いや、俺は直接この話を聞いたわけじゃない。友達が一人、ボランティアに行って、彼女が消防団の人から聞いたんだ。貝塚さんはやっぱり逃げきれなかったらしくて、十日ほどしてから、隣町の浜で見つかった。
結局、俺はあれから一度も岩手に行ってない。何かしなきゃ、とは思ったけど、一体どういう気持ちで行けばいいのか、何を話せばいいのか、見当もつかなかったし、何より、怖かった。取返しもつかないほど、傷つくような目に遭ったらどうしよう、なんてね。
実を言うとその頃、つまり震災のあった頃、俺はかなりのスランプで苦しんでた。大学院は前の年に出てたから、肩書としては彫刻家、だったんだけど、納得のいく仕事は何もせずに一年ほどを過ごしてた。変な話、生活には困ってなかった。親父の伝手で、俺の作品を買ってくれる人が何人かいて、それが結構いい収入になったんだ。向こうは別に、作品に芸術的価値を見出してるとかそういうんじゃなく、親父の歓心を買うためだよな。ある種の賄賂みたいなもんだ。
でもまあ、作れば売れるんだから、俺はほぼ惰性で、過去の自作のコピーみたいなのを彫り続けていた。しかもそのコピーは、回を重ねるごとに劣化してゆく。判る人間には明らかな事だから、俺は友達だとか先生だとか、そういう相手にはなるべく知られないようにして、作品を売った。でもその一方で、これじゃまずいという気持ちは抱えてて、全く新しい作品を、名のある展覧会に出したいと、焦り続けていた。
それなのに、どれだけ考えても、手を動かしても、俺は次の段階に進めずにいた。人に聞くとさ、そんな事って結構あるらしいんだ。確かに、生身の人間なんだから調子の良い時も悪い時もあるし、スランプなんてどれだけ続くか予想もできない。でも、人の話だと、ああ、そんなもんだな、って思えることが、自分じゃどうしても納得できない。だって俺はそれなりに才能がある彫刻家だと、本気で思ってたから。
で、さすがにもう制作にかからないと展覧会に間に合わない、という時期になって、俺はある決心をした。この一度だけ、特別な手を使おう。それがあの、貝塚さんに見せてもらった作品を彫る事だった。

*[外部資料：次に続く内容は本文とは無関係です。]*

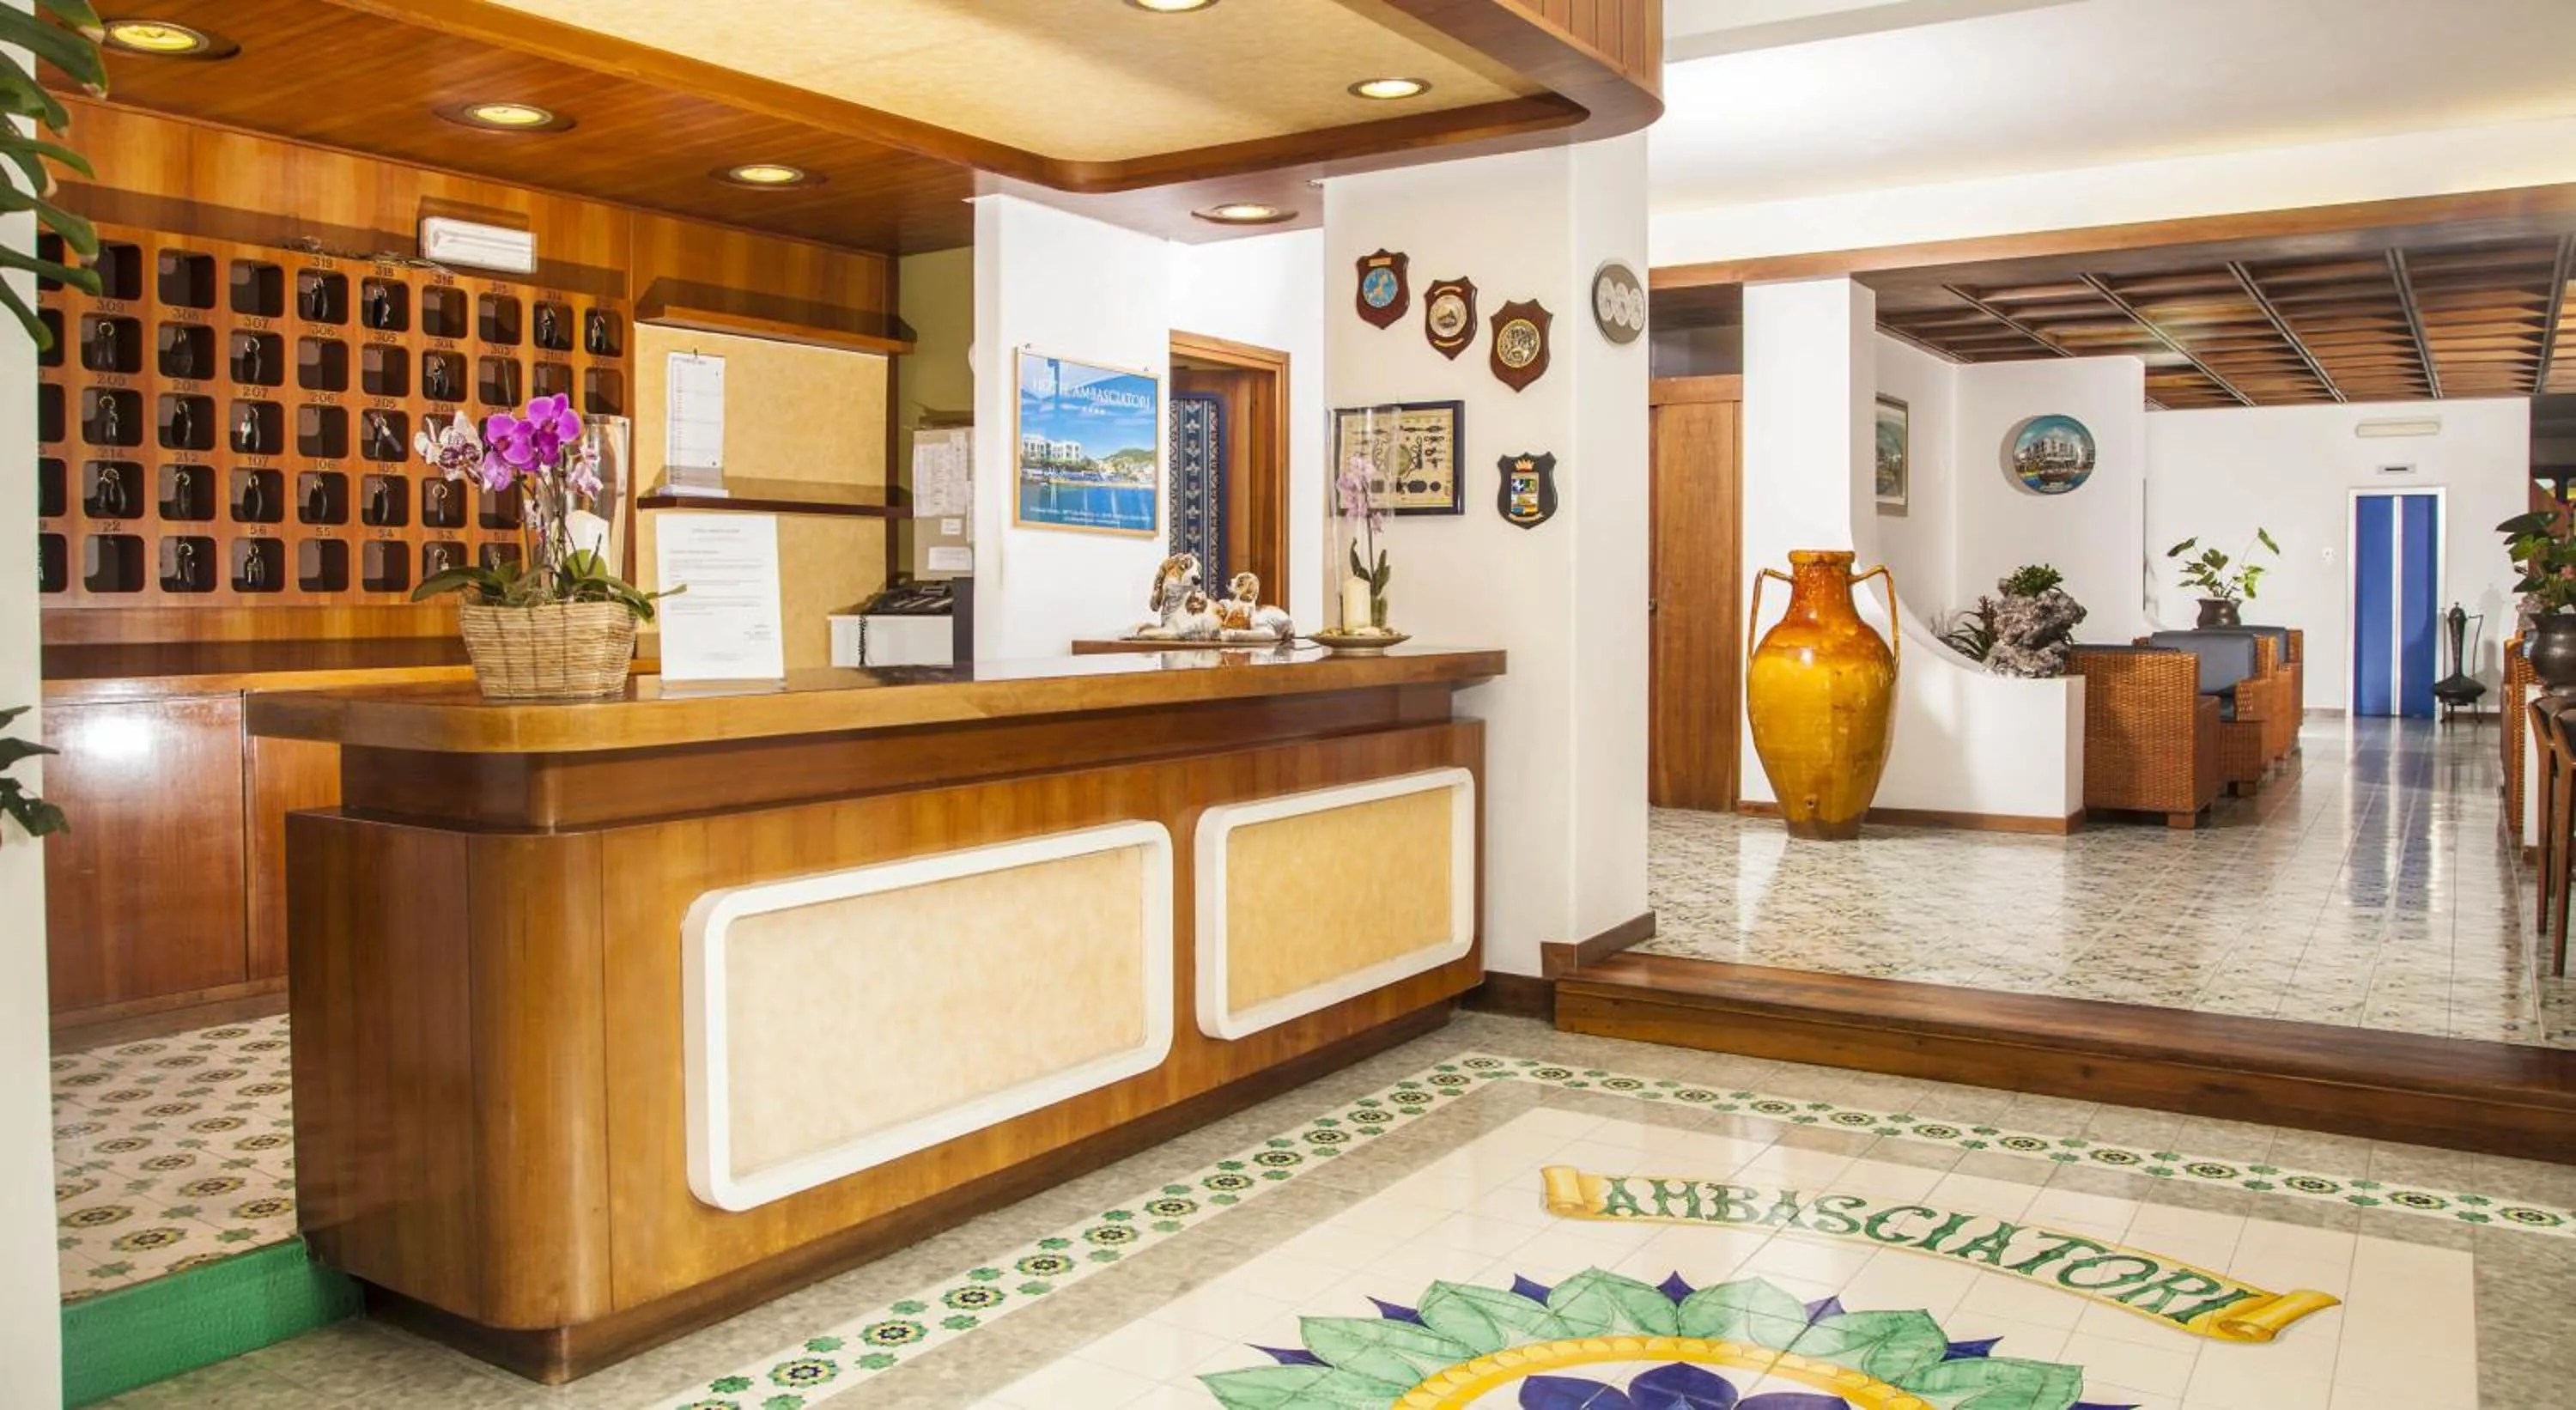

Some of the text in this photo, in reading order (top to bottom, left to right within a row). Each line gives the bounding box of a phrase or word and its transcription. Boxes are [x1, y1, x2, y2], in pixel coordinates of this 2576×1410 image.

[313, 257, 334, 269] 319
[434, 274, 453, 285] 316
[97, 300, 125, 312] 309
[244, 316, 270, 329] 307
[311, 325, 335, 337] 306
[374, 331, 397, 343] 305
[243, 386, 269, 398] 207
[310, 392, 335, 404] 206
[247, 456, 268, 467] 107
[1598, 1177, 2262, 1325] AMBASCIATORI

作者はもうこの世にいないし、ガレージにあった彼の作品は周囲の家もろとも、津波にさらわれてしまった。だから俺があの作品を彫ったところで、誰かに知られるという可能性はほぼない。貝塚さんの両親は、彫刻やなんかには疎くて、息子が何を作ってるかも全然知らずにいたし。
罪悪感?それはもちろん。でも、あの時は何故かこう思った。このままあの作品をなかった事にするくらいなら、俺が作った方がいいんじゃないかって。まあ、詭弁だよな。それに、本気でそうしたいなら、まず貝塚さんの両親に申し入れをして、堂々と彫ればいいわけだし。

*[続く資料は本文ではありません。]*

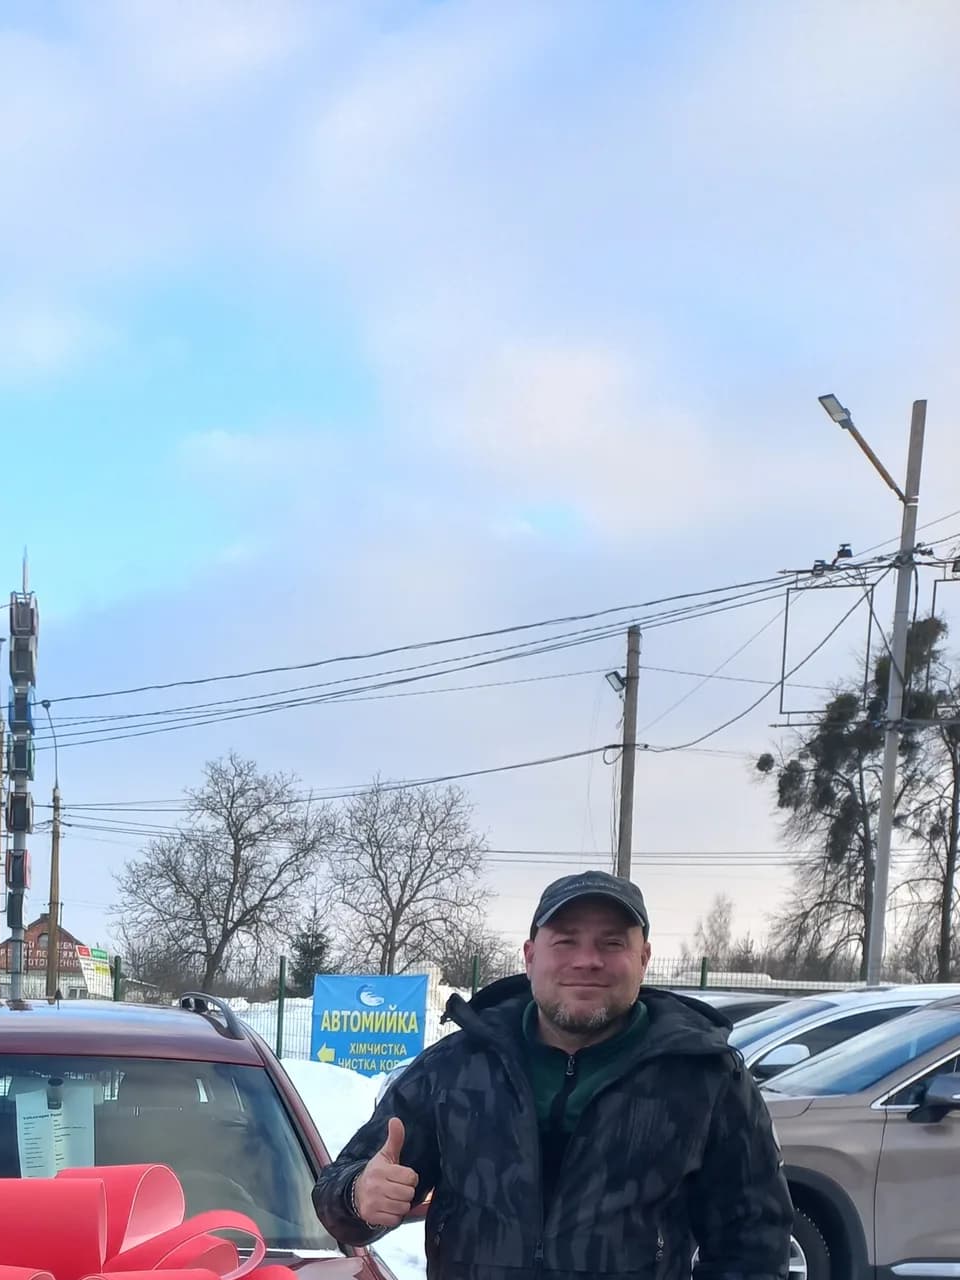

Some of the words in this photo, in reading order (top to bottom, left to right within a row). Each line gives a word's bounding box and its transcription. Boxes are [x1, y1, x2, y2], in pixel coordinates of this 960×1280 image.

とにかく、俺はそのまま制作にかかった。そりゃ、細かいところは違ってたとは思うけど、出来上がったのは貝塚さんの、あの作品だ。そして何食わぬ顔でそれを展覧会に出して、賞を獲った。
周りは喜んでくれたよ。家族はもちろんだけど、友達も、新境地だね、なんて褒めてくれたし。ただ、一人か二人、貝塚さんの作品を思い出した、って言う奴がいて、どきりとさせられたけど。

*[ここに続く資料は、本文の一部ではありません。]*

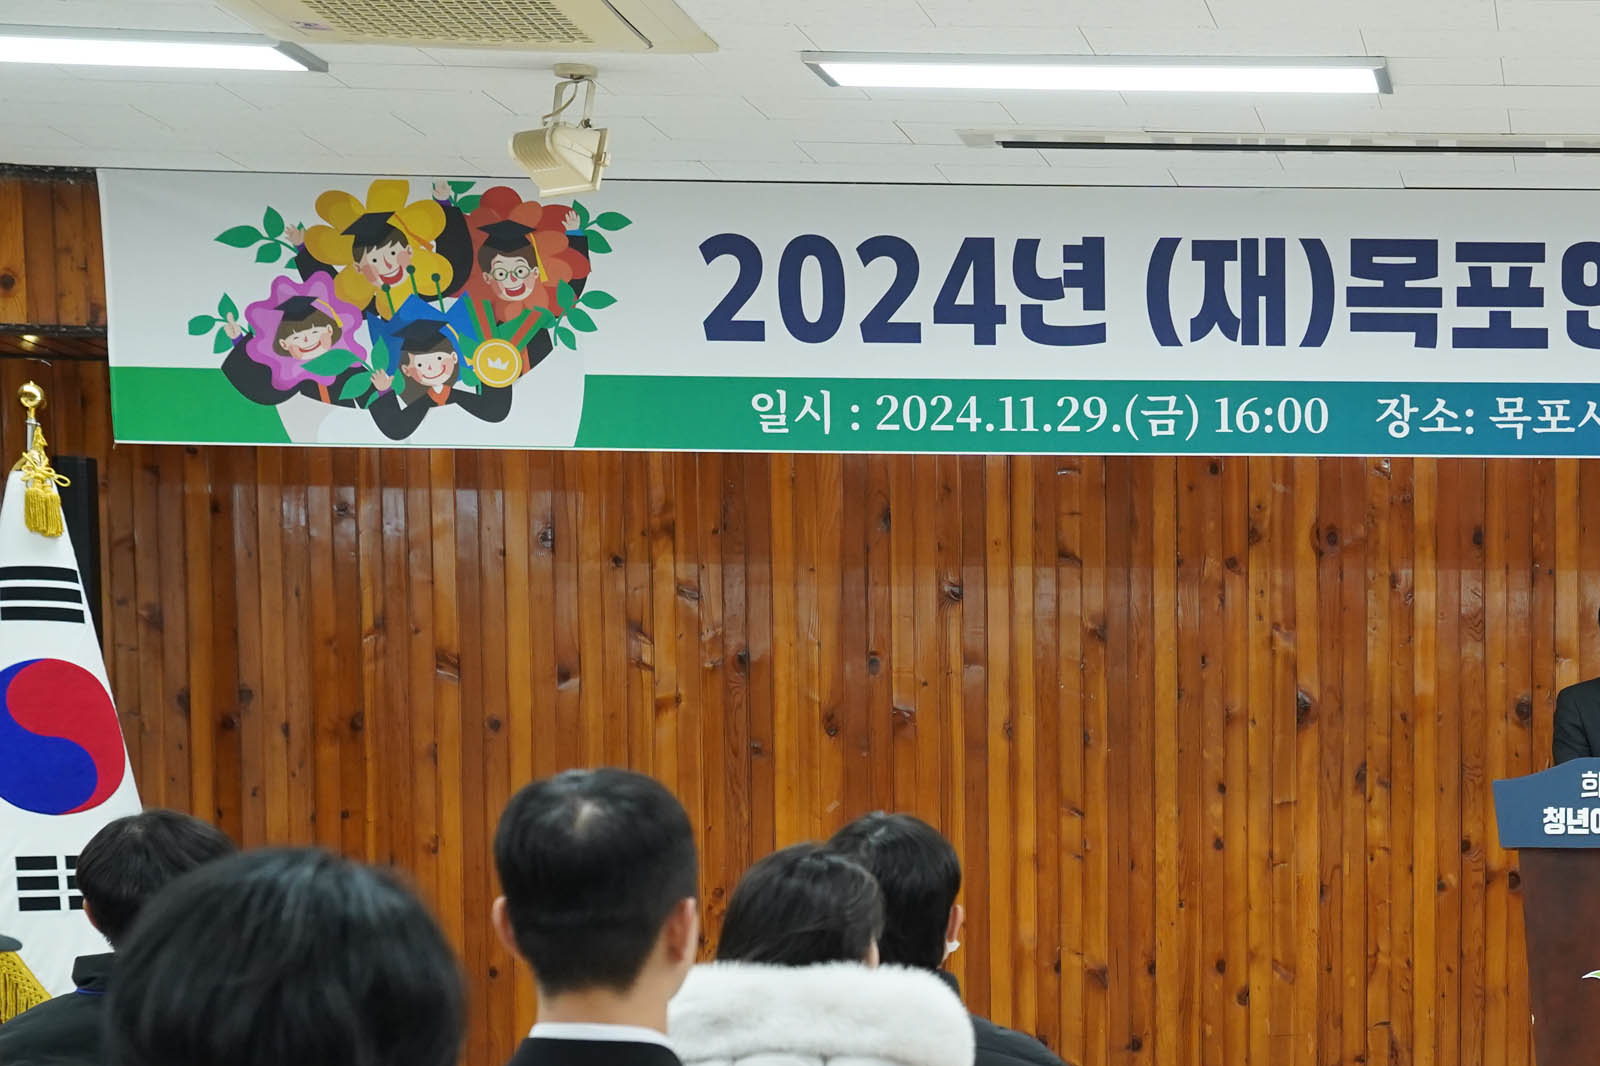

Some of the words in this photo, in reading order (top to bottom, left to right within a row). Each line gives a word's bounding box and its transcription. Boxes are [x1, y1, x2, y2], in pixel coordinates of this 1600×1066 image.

でもまあ、そんなんでスランプが収まるわけないんだ。だって自分じゃ何も解決してないもの。だから次に俺が作り始めたのは、この盗作の複製だった。似た感じの、俺という存在が全く宿ってない、奇妙な物体。気分はもちろん最低。その頃になると自分でも判ってた。俺は彫刻を続けたいんじゃなくて、彫刻家を名乗り続けていたいんだ。才能ある若手彫刻家だと、周囲に認識され続けたいんだって。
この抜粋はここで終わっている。